The German system works perfectly – for FC Bayern. Should any upstart club look like challenging them, they can pick off their star players in the Summer or see a foreign club do so. Knowing that FC Bayern are 99% likely to be champions at the start of a season hardly exites the TV companies to pay out much for Bundesliga rights. The much vaunted German fan ownership hides that if you look at the equivalent to our top 4 tiers, they have a far greater number of club bankruptcies than we do. As for Premier League ownership – I dread what will happen once they become a majority under US ownership and can then schedule additional rounds of games in the US or anywhere else there is money to be made. Already the money-making model is about attracting tourist fans to games and not long term fans. The tourists will spend money in the club shop and swalllow higher tickets prices for one off visits.
But clubs like Dortmund Leverkusen Gladbach etc are not forced to operate the way they do. ——But Bayern will sign available plaers as they see fit, just as LIverpool took the two best players from Leverkusen last year. Wirtz and Frimpong. Many English and Spanish clubs take players from these German Clubs because they have decided to be nursery clubs, give young players a chance in the first team and then sell them on for big money. That is there business model. Bayern have a differnt model. They want to win the title and the CL, and for that you cannot be a selling club
It was one of the aims of communism to weaken the “little platoons” that were organised from the ground up. They threatened the project.
In my case, it was when the pressures on the general practice of which I was senior partner to become an NHS branch became too much to bear that I retired.
That “little platoon” had been started in 1949 by a missionary doctor returning from China (Mao didn’t tolerate missionary platoons either), and it had retained his ethos for the half century since. But they stopped us recruiting doctors with a shared ethos, they required us to have a “mission statement” but it couldn’t actually include our mission (and in fact threatened us with disqualification if we mentioned it to patients), and they wanted to post an NHS corporate logo over the door of the surgery we paid for, which we r
Professional “Personal knowledge” (as per Michael Polanyi) has been replaced with algorithms in every trade – no doubt football managers are also selected by checklist.
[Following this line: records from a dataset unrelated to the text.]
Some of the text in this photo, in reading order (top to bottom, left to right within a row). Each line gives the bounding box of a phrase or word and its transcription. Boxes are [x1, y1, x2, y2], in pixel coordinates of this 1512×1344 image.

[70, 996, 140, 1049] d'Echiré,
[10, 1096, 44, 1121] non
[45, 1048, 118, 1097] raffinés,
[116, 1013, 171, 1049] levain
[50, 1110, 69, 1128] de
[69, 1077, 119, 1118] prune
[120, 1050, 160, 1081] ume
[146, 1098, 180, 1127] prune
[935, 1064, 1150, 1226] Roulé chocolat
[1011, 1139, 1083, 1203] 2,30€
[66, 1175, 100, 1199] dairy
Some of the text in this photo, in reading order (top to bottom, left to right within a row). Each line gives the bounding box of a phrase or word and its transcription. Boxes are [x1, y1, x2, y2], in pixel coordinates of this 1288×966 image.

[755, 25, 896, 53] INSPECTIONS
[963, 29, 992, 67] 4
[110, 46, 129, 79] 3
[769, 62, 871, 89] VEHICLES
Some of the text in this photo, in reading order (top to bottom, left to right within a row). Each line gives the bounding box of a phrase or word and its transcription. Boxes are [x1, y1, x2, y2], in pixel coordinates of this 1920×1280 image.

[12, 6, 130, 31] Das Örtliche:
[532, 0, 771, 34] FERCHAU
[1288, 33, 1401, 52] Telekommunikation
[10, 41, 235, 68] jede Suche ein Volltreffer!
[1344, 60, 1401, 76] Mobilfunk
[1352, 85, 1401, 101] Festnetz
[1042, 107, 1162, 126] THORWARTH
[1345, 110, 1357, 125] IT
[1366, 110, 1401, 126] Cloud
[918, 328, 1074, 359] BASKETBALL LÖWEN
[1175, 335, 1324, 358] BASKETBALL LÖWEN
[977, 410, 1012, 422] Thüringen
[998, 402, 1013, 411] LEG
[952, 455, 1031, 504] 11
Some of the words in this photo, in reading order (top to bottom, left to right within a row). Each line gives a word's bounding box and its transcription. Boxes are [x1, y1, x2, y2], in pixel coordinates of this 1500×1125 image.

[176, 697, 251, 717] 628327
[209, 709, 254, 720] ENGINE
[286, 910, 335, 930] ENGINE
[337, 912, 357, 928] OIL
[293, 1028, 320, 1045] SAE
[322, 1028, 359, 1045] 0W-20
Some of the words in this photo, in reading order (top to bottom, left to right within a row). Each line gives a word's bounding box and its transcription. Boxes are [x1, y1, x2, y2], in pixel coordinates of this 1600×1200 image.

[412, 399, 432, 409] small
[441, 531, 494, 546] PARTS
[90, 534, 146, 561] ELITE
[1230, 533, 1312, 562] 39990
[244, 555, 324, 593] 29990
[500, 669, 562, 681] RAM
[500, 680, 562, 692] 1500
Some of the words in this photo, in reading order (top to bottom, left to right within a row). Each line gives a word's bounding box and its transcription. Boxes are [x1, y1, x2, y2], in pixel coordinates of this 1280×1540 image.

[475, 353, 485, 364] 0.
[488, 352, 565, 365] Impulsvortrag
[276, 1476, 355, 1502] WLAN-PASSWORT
I used to follow Formula 1 closely, but eventually gave up when terrestrial television, in this case Channel 4, decided to give up its coverage and hand it over to Sky. As a loather of all things Murdoch I wondered how I would be able to watch the races until I realised that the gradual corporatisation of F1 was making the sport into something I no longer wanted to watch.
In the old days, a contract between Jackie Stewart and Ken Tyrell was agreed with a handshake. That’s what I want to see in any sporting enterprise, although I’d prefer less of the enterprise. I suspect I’m chasing an old memory, but the way I see it if someone wants my engagement it will be on my terms, not theirs.
F1 is boooooring.
WRC, MOTOGP, now you’re talking.
“The kind of player who, if you cut him, his blood would be the colour of the shirt.”
It’s never been true in Norwich.
Thank you for putting my thoughts into words. I have recently started going to church, motivated by a growing desire to connect with our traditions and heritage. I can’t say with honesty that I am a believer (yet!), but I have made a choice to “belong”, to be part of the “local place of obligation, ritual and social life”. And I am finding it really, really rewarding. Deep local connection!